P.S. I hate these people, too — except for funnyman Marvin and Drew, who's dim-witted but hot. (Come Thursday, I'm betting he wins the walk-on role on The Young and the Restless. He's the only attractive BB5 cast member left!) But Drew's so-called "girlfriend" Diane is snotty, whiny and has tacky blond highlights. And I'm rooting for Michael (aka Cowboy) to get ousted this week because he's both dumb and ugly, which is truly an unforgivable combo. Yes, I may be cruel sometimes, but I speak the truth.

The Amazing Race
I don't know about you, but I get bored and start doing my bills when the racers are fretting over taxicabs and airline flights. (My idea of riveting TV is not watching Chip worry about shortchanging his cabbie, OK?) I much prefer the action stuff like this week's sand-dune driving and skydiving. I also rather liked the idea of Colin ending up stashed away in a foreign prison! Anger Boy could use some time to cool his heels. But no, he and Christie got to Dubai first and won themselves a Caribbean vacation. Drat. The big disappointment was that Kami and Karli finished in last place, but the twins didn't get booted because this was a non-elimination leg. Grrr... I think they ought to be penalized just for spelling their names with an i on the end. They're so cutesy, I could smack 'em. But don't mind my hostility, I'm totally PMS-ing and just need some chocolate. (Yes, men do too PMS. Especially this one.)

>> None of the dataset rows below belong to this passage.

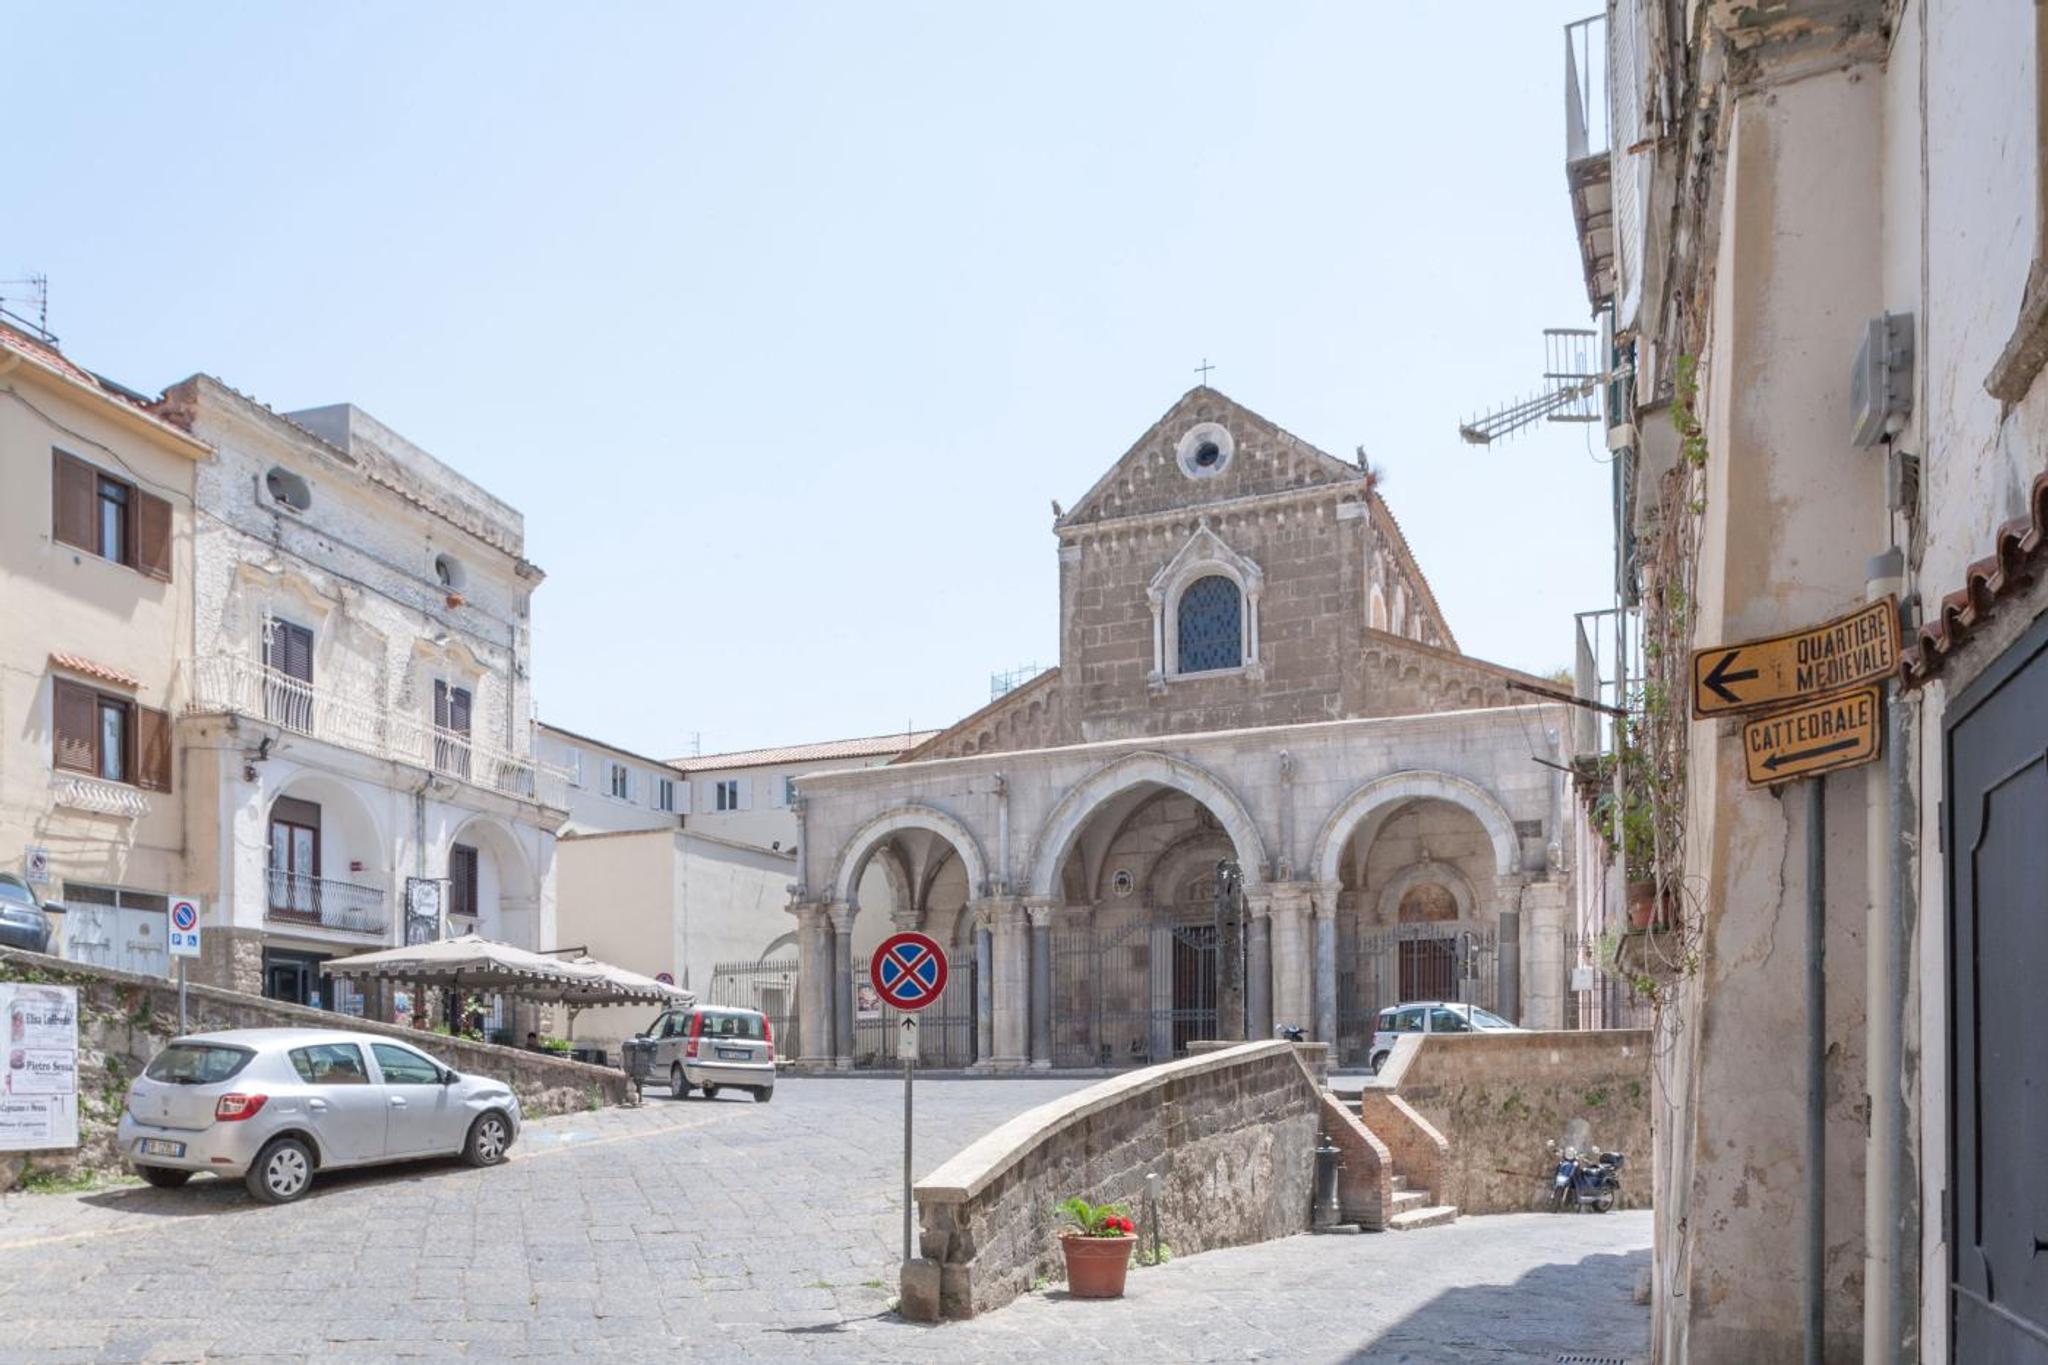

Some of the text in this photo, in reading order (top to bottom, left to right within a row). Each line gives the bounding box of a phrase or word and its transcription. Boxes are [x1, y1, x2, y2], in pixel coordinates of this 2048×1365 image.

[1797, 607, 1886, 664] QUARTIERE
[1797, 638, 1889, 692] MEDIEVALE
[1751, 700, 1868, 752] CATTEDRALE
[26, 1061, 51, 1071] Pietro
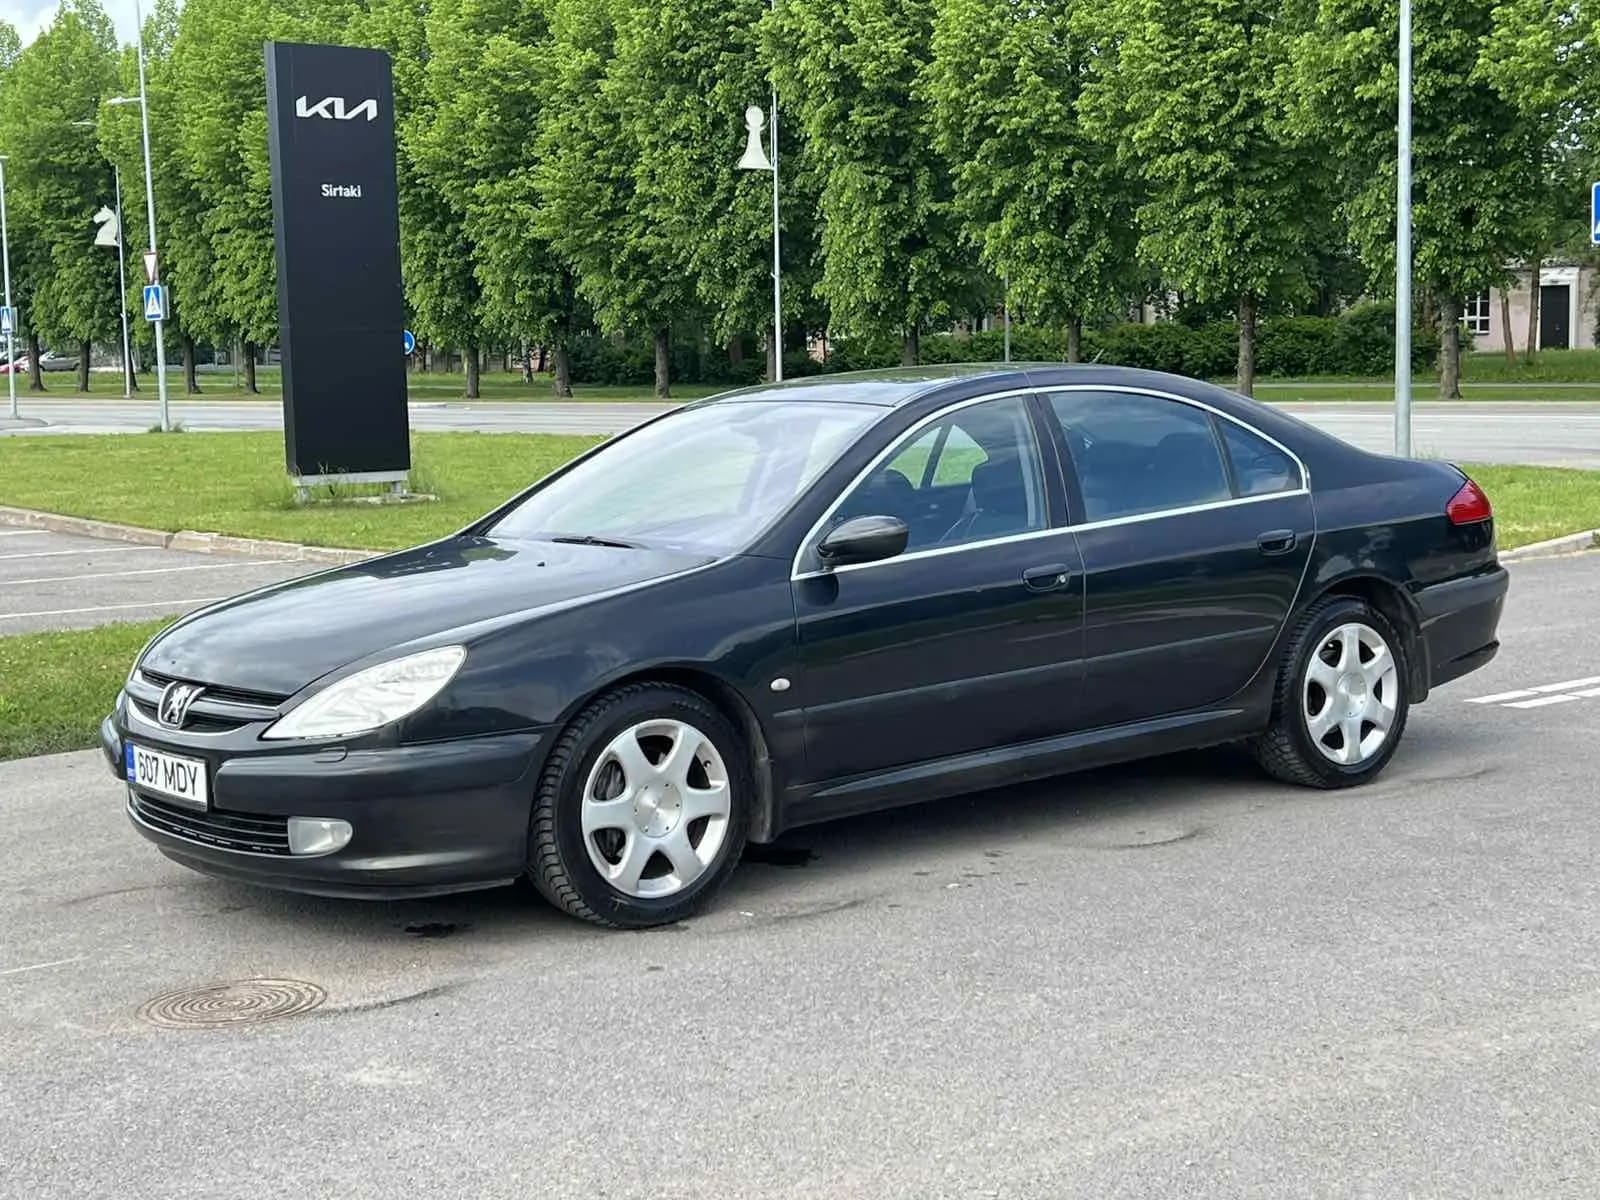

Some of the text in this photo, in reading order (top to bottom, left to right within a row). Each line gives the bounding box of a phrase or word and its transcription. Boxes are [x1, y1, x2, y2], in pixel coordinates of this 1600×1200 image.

K-Y Warming UltraGel I know The Amazing Race is a 10 o'clock show here in the Pacific Time Zone, but it's still a family show. Should CBS be advertising this "warming liquid" for use in couples' most intimate activities here? That husband leering over the newspaper at his wife always creeps me out! And speaking of not-ready-for-prime-time naughtiness....

Nip/Tuck
Another week, another trashy twist of fate for Dr. Sean McNamara. He's getting almost incestuously involved in pal Christian Troy's sex life, isn't he? As if it's not weird enough that both plastic surgeons have been intimate with Julia (hence Matt's paternity issue), they just had that three-way with the hooker last week. Now, Sean's hooking up with Christian's slutty ex, Kimber, who has become a porn star. Worse yet, Sean took Kimber's sex doll for a test drive before trying the real thing. Ewww.... Of course, as soon as Kimber brought that doll into the office (wanting the docs to "enhance" its nether regions), you knew that something X-rated was in store.

Still, the feverish fantasies Sean projected onto the doll were strange, shuttling between images of raping Julia and ravaging Kimber. Meanwhile, there was that creep Julia met in the hotel bar who had that scary sex toy of his own. (And if you didn't see that part, I am far too much of a gentleman to recap for you.) Sheesh! It's all so pervy, I'm thinking of installing a V-chip in my TV. Nah, just kidding. On the bright side, Dylan Walsh may have a wacko story line, but he at least has a cuter tush than Julian McMahon, whose backside I've tired of lookin' at anyway.

P.S. I completely forgot the McNamaras had a daughter, Annie! Like most soap-opera children, the blond moppet vanishes off screen for ages. I guess her parents and older brother Matt are too busy negotiating their dysfunctional sexual adventures to leave little orphan Annie much screen time.